Recently, at the Aerospace Medicine and Human Performance, this hypothesis was investigated. In the study, entitled “Respiratory Muscle Training and Exercise Endurance at Altitude.” researchers subject participants to 30 minutes of resisted breath training three times a week for four weeks. It’s important to know that they weren’t using a training mask in this study, but rather a special breathing device that allowed for something called “voluntary isocapnic hyperpnea respiratory muscle training (VIHT training). All this means is that the carbon dioxide levels in the blood remained relatively constant so that the study subjects didn’t become dizzy or faint.

Then, the subjects performance at 12000 feet of altitude was tested. It turns out that following the resisted breath training, the participants were able to last a shocking 44% longer in a cycling test to exhaustion, while a control group and a group that did a “sham” (AKA placebo) version of the breath training didn’t improve one bit.

The idea behind the improvement in the resisted breath training group is that their respiratory muscles were able to withstand fatigue for a longer period of time, and thus less blood needed to be shunted to these muscles and more blood was available for hard working body parts such as their legs. Interestingly, the same group of researchers performed a separate study in which they used a similar protocol to test cognitive function at altitude. Cognitive processing speed and working memory can be significantly compromised during exercise in thin air, which makes perfect sense since less oxygen gets to your brain when the air is thinner. After four weeks of resisted breath training,  both cognitive processing speed and working memory during exercise at 12,000 feet were improved – possibly due to better tolerance of carbon dioxide buildup and possibly due to more “resilience” to the discomfort brought on by thinner air.

And one final quick point, as highlighted in this study: by increasing the amount of carbon dioxide in front of your face (which happen when you wear a training mask), you are actually increasing the carbon dioxide content of the air  that you breath back in, which can actually decrease the percentage of oxygen you take in per breath, and thus increase your tolerance to higher amounts of carbon dioxide that tends to accumulate during difficult exercise.

Summary

So ultimately, it appears that if you’re going to be competing or exercising at sea level, the use of a training mask may give you a slight boost in performance. If you’re going to be performing at altitude, it would appear that you get a far more significant positive effect in both cardiovascular and cognitive performance.
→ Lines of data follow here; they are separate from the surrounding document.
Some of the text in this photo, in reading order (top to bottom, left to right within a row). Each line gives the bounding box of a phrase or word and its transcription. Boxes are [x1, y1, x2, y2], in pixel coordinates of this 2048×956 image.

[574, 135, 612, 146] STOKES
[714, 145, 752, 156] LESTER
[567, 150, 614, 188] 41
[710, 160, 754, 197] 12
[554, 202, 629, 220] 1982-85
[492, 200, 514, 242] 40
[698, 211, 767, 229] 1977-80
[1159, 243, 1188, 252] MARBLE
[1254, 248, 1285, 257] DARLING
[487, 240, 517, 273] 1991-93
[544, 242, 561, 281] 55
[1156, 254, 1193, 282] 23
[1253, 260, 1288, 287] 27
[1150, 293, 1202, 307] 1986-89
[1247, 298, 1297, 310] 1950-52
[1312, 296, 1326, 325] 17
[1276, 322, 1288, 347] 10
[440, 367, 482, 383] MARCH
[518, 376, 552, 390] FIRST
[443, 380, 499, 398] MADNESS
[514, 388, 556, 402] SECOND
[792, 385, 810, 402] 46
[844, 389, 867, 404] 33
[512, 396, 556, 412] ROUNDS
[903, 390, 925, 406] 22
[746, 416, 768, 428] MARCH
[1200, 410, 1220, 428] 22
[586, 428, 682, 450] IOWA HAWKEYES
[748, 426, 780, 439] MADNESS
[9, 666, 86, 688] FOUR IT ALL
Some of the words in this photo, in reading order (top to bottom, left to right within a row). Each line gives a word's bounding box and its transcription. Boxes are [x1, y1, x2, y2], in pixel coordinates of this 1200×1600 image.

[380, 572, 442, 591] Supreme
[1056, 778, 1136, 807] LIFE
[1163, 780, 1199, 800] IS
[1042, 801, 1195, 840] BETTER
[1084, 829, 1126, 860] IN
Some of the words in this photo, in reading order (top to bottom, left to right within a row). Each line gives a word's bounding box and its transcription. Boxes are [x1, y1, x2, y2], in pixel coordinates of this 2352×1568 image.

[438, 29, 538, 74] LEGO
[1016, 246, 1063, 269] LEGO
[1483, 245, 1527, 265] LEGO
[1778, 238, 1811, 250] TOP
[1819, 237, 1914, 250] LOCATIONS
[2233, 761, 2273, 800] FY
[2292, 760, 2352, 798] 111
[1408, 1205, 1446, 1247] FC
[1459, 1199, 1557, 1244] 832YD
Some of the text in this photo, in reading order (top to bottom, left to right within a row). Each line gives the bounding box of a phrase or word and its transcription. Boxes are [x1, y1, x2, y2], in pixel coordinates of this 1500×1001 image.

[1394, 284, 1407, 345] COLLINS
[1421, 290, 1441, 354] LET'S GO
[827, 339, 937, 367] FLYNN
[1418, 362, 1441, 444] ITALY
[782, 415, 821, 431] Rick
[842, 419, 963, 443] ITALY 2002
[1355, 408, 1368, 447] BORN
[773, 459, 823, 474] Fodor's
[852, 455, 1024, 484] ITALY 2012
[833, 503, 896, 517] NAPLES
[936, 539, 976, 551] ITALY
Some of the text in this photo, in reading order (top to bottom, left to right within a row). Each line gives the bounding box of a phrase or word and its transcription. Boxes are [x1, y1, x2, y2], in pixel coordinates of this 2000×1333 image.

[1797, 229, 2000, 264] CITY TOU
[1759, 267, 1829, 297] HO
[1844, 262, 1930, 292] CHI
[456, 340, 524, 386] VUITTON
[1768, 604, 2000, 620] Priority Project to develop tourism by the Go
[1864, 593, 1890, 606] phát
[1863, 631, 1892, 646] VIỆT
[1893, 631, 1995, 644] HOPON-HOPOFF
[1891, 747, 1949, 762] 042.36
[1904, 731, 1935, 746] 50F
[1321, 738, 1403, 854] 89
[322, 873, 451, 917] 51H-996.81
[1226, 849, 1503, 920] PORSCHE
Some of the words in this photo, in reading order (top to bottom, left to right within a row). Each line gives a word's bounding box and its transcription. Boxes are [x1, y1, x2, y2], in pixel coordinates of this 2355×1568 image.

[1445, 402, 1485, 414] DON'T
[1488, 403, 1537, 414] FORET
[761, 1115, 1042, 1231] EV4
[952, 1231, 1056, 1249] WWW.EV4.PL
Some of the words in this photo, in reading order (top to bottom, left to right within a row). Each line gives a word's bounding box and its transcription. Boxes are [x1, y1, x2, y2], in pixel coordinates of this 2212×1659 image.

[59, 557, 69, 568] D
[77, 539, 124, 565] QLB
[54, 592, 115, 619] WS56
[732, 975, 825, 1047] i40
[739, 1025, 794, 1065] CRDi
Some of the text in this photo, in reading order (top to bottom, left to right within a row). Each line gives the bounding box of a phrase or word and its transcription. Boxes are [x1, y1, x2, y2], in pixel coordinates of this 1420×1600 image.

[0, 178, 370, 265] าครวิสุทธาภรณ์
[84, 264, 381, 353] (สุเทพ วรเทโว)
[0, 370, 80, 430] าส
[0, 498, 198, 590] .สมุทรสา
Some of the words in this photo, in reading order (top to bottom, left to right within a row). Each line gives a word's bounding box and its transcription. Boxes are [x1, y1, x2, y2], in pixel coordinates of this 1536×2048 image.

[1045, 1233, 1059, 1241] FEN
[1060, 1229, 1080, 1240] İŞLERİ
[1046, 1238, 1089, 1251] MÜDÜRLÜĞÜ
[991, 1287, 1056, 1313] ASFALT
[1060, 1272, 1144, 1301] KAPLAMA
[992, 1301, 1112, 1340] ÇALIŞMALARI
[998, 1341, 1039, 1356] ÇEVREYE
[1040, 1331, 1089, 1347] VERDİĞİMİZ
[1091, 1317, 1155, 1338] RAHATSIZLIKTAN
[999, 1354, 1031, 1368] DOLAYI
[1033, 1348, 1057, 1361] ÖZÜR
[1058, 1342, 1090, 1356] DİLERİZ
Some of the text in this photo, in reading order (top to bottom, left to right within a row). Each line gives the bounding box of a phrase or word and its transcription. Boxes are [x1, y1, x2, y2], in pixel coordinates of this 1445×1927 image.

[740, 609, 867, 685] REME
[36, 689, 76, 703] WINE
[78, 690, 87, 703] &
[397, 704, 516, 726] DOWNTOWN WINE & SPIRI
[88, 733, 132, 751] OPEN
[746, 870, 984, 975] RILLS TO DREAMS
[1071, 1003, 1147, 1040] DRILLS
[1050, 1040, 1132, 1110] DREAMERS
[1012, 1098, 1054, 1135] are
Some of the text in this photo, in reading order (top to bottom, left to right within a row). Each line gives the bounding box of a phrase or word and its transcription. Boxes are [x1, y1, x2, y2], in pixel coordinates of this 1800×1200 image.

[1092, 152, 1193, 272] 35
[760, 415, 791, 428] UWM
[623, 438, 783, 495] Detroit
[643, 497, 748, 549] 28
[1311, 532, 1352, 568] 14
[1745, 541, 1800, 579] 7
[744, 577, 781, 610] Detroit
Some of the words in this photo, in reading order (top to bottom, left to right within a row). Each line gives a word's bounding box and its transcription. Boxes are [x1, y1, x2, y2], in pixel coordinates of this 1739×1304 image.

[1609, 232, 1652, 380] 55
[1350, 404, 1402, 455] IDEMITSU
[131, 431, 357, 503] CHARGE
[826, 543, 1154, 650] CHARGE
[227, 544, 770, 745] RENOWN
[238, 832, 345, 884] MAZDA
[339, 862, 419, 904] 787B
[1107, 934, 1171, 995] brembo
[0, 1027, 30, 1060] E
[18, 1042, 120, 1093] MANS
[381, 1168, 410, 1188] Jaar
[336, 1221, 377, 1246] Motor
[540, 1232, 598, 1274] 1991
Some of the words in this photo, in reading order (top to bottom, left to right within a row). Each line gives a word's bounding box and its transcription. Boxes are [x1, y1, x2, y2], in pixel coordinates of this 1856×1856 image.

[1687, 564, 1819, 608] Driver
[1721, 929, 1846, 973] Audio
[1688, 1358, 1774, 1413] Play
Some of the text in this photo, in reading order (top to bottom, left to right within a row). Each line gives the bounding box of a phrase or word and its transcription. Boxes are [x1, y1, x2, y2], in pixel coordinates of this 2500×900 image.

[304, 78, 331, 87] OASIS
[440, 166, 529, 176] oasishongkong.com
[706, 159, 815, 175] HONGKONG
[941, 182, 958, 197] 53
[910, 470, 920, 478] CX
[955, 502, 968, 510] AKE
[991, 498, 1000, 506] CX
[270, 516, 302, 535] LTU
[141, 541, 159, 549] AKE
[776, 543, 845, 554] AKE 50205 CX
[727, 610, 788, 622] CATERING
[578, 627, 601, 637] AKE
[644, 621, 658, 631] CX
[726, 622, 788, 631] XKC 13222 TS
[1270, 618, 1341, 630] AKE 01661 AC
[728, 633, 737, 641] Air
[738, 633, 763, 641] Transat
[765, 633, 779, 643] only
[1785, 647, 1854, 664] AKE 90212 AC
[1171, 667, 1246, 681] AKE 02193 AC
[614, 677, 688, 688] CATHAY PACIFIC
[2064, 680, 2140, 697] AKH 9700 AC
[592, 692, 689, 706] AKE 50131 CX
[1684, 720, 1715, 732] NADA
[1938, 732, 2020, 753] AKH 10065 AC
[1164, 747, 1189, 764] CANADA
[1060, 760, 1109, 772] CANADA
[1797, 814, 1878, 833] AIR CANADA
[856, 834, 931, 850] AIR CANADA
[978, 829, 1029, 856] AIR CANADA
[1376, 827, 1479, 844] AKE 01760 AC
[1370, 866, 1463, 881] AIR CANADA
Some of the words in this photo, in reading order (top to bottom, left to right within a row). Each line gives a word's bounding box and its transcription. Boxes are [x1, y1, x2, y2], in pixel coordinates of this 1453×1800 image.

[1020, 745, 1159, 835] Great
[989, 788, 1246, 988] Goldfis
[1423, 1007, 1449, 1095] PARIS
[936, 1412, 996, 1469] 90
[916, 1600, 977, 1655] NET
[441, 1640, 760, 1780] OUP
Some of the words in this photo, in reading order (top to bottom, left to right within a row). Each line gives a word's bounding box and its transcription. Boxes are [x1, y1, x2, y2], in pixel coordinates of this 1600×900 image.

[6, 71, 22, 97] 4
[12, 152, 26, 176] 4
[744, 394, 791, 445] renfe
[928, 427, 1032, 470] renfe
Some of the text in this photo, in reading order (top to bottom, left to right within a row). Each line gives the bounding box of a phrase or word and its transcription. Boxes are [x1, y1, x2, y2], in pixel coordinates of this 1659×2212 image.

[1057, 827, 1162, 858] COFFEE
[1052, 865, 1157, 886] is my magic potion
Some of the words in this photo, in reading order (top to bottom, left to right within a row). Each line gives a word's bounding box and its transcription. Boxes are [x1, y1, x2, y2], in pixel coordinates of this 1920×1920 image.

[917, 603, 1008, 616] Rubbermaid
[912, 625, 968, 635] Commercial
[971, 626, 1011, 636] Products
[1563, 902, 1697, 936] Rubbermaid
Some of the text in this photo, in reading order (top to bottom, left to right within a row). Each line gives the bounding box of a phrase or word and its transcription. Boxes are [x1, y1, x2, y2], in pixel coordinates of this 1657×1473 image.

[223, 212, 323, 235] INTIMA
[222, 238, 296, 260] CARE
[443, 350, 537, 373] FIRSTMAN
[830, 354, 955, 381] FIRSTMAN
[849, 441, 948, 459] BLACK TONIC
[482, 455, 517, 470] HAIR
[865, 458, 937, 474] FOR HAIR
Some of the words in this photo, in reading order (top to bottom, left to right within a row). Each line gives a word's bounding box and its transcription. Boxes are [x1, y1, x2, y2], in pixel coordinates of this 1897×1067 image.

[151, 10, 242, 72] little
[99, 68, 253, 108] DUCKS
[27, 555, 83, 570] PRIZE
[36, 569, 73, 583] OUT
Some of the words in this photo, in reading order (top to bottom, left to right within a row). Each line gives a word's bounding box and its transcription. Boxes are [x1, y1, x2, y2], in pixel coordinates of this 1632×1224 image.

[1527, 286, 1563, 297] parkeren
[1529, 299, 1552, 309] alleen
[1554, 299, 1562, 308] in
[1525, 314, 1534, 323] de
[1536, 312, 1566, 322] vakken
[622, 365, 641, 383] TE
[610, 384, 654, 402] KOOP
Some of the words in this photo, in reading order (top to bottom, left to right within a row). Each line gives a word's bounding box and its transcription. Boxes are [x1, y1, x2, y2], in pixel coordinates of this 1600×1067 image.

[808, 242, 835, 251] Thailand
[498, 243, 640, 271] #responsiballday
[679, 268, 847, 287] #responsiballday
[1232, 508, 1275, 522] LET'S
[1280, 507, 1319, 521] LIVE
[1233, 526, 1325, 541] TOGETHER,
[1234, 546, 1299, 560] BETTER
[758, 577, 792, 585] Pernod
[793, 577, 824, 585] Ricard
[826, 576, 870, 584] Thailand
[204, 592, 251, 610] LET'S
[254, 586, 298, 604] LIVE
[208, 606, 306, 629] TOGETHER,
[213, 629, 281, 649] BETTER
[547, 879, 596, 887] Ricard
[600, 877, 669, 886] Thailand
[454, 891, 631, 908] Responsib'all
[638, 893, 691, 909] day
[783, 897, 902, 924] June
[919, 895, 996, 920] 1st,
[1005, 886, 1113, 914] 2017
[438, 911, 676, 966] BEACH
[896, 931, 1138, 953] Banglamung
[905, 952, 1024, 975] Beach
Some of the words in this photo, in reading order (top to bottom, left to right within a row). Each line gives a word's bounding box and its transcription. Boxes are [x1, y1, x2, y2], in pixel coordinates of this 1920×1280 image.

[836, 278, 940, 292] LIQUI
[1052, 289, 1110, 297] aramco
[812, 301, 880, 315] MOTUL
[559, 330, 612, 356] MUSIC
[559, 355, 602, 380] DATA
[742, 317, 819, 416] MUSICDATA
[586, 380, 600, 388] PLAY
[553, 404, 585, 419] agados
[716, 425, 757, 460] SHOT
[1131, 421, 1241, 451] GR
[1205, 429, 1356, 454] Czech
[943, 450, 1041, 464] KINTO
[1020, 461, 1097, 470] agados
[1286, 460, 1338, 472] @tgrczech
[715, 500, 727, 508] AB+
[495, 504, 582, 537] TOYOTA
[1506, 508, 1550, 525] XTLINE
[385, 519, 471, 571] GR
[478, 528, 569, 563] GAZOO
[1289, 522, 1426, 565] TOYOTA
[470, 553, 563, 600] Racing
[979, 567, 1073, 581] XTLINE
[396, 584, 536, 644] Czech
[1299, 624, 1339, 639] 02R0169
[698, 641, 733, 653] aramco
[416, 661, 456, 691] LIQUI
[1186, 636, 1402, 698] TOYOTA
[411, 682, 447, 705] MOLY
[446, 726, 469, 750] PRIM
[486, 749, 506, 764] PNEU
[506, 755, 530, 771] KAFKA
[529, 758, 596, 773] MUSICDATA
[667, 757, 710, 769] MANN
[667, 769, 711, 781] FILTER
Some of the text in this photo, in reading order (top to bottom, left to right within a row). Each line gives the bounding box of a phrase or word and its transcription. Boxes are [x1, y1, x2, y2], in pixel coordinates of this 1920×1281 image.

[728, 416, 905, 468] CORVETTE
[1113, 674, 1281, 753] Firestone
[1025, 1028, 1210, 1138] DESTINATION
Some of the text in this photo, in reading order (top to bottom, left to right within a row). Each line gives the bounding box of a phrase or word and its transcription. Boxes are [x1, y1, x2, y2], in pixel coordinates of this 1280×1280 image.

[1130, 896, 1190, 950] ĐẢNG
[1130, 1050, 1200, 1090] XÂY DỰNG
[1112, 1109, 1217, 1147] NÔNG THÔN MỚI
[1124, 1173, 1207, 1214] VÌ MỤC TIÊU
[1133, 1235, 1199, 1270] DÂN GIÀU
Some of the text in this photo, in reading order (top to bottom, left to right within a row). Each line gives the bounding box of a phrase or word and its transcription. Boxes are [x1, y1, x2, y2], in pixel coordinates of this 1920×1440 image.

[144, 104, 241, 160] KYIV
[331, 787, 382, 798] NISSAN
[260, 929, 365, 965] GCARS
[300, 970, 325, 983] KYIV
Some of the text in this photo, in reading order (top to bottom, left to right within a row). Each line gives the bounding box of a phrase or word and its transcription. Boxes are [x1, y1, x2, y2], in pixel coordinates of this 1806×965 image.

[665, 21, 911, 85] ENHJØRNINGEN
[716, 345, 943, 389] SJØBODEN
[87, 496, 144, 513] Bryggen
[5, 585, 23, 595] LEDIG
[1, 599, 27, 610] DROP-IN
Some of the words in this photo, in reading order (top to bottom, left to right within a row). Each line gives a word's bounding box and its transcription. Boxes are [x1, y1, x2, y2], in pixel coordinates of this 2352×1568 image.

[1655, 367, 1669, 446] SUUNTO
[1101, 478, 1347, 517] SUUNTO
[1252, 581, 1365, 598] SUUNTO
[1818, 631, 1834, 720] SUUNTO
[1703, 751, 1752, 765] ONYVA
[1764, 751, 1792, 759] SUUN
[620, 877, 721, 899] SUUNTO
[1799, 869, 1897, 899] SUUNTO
Sure, the effects aren’t as pronounced as they would be if you had, say, used a hypoxic altitude training device, slept in an altitude tent, or moved to a mountain to train – but considering you can simply slap a mask on your face and head to the gym to get a significant positive training effect, I personally think the use of a training mask is worth the small expense (about 70-90 bucks), and I use mine several times a week for everything from bike rides to kettlebell swings to yoga.